Repeat the records word for word, excluding any picture.

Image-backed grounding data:

──────────────────────────────

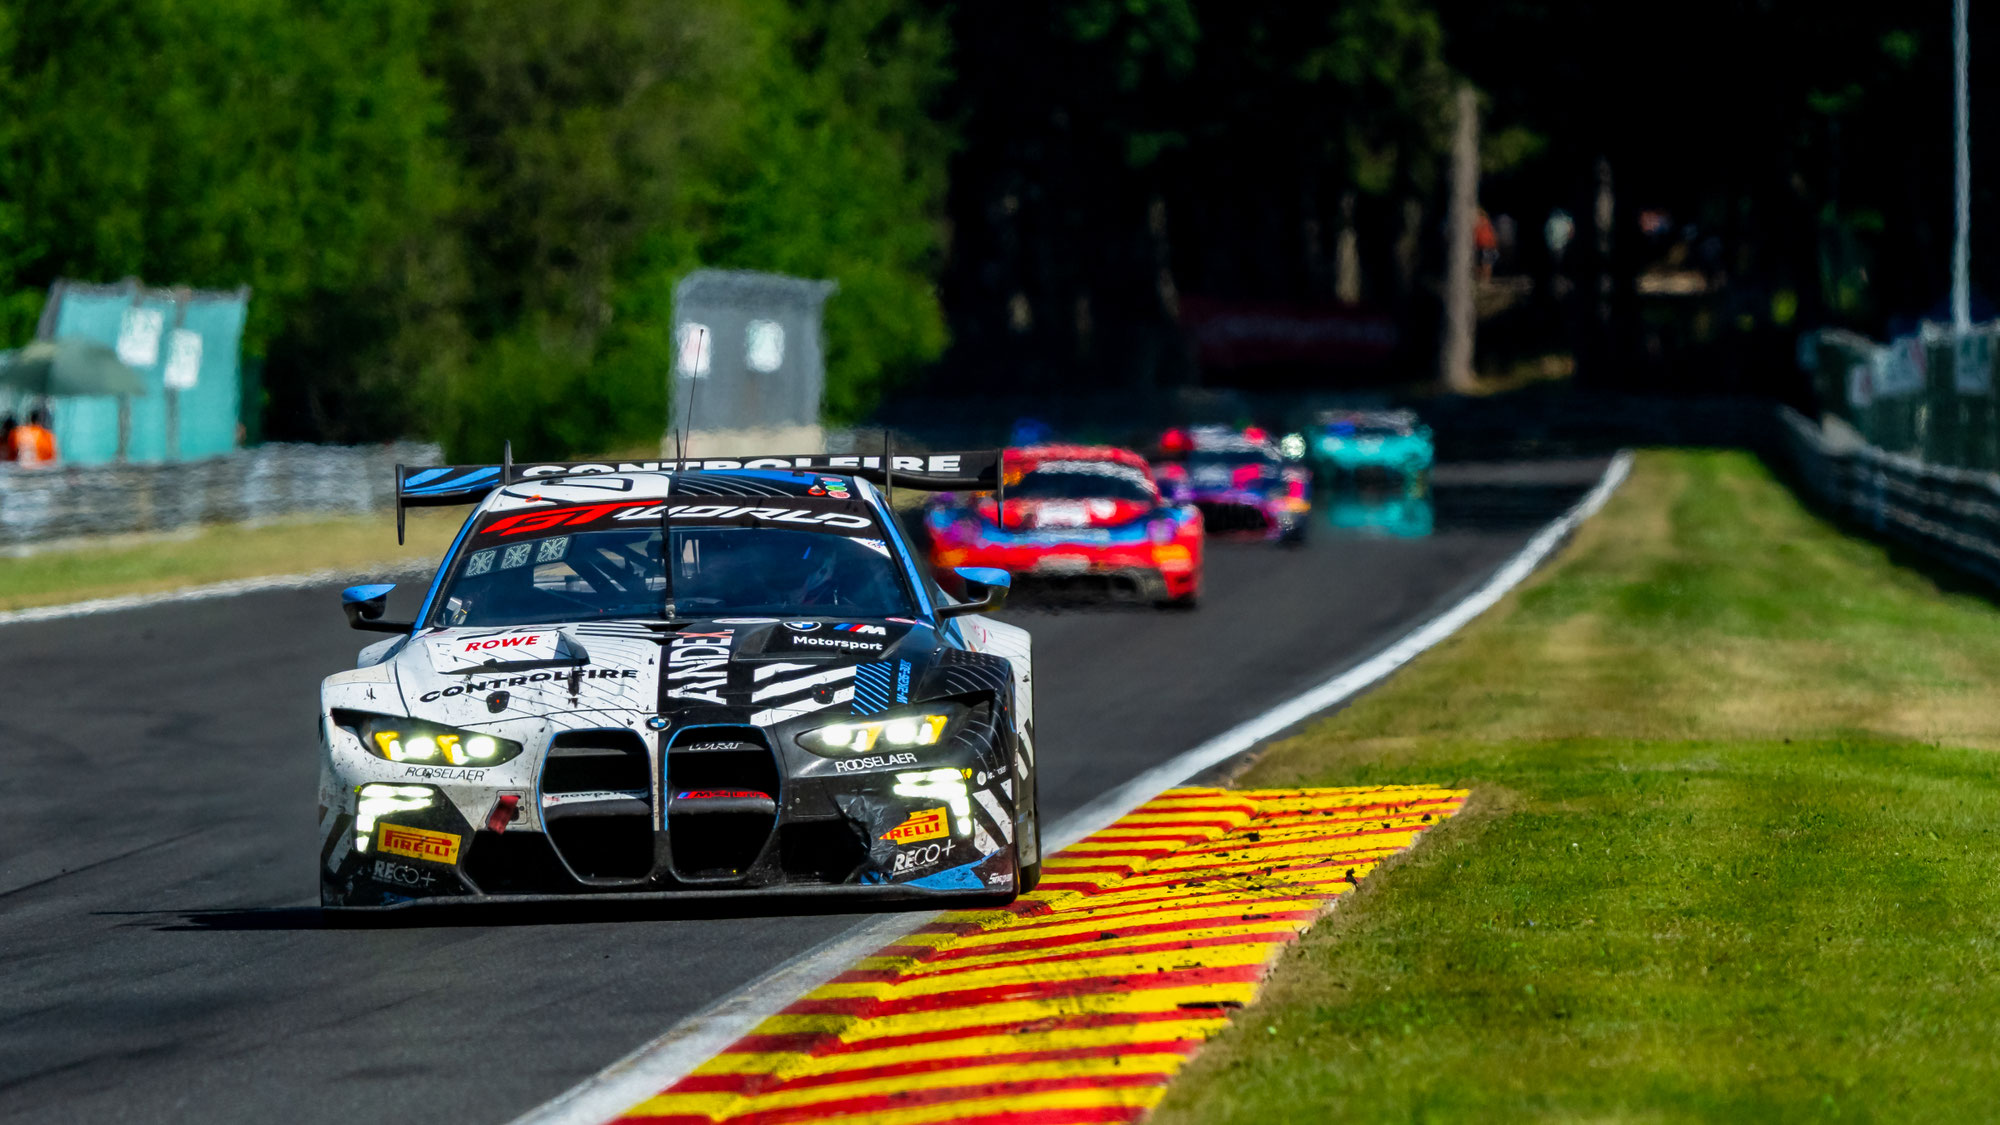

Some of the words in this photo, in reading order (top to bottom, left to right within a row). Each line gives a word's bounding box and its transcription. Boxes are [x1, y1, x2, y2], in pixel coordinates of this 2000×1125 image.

[481, 499, 664, 537] GT
[612, 505, 872, 529] WORLD
[464, 635, 541, 652] ROWE
[793, 635, 883, 651] Motorsport
[419, 668, 639, 703] CONTROLFIRE
[834, 752, 918, 773] ROOSELAER
[404, 766, 485, 782] ROOSELAER
[384, 829, 453, 857] PIRELLI
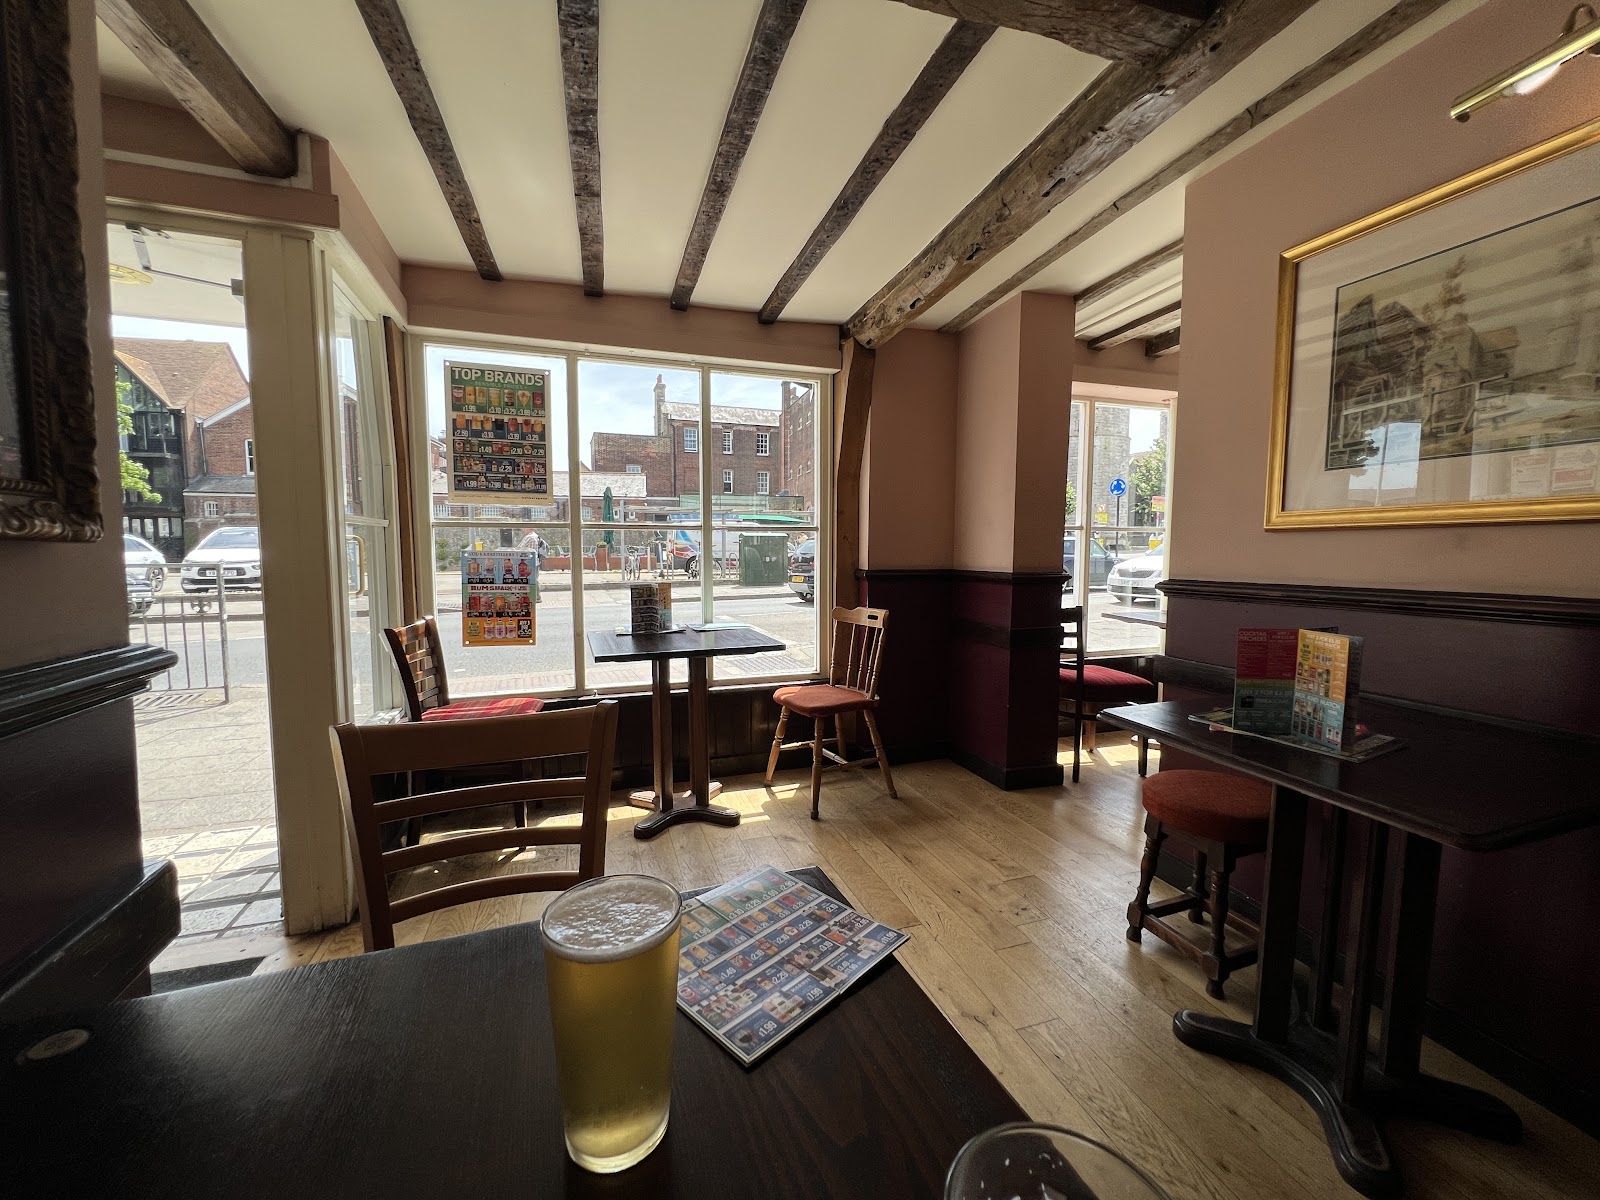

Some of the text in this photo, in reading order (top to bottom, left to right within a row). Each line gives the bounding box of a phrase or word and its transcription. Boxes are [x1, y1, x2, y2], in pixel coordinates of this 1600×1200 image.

──────────────────────────────

Answer for this exercise:
Some of the words in this photo, in reading order (top to bottom, left to right within a row). Each line gives a word's bounding box and its transcription. Boxes are [x1, y1, x2, y2], in pixel coordinates of this 2000×1125 image.

[481, 499, 664, 537] GT
[612, 505, 872, 529] WORLD
[464, 635, 541, 652] ROWE
[793, 635, 883, 651] Motorsport
[419, 668, 639, 703] CONTROLFIRE
[834, 752, 918, 773] ROOSELAER
[404, 766, 485, 782] ROOSELAER
[384, 829, 453, 857] PIRELLI

Some of the text in this photo, in reading order (top to bottom, left to right within a row). Each line gives the bounding box of a phrase or word and its transcription. Boxes are [x1, y1, x2, y2], in pixel coordinates of this 1600×1200 image.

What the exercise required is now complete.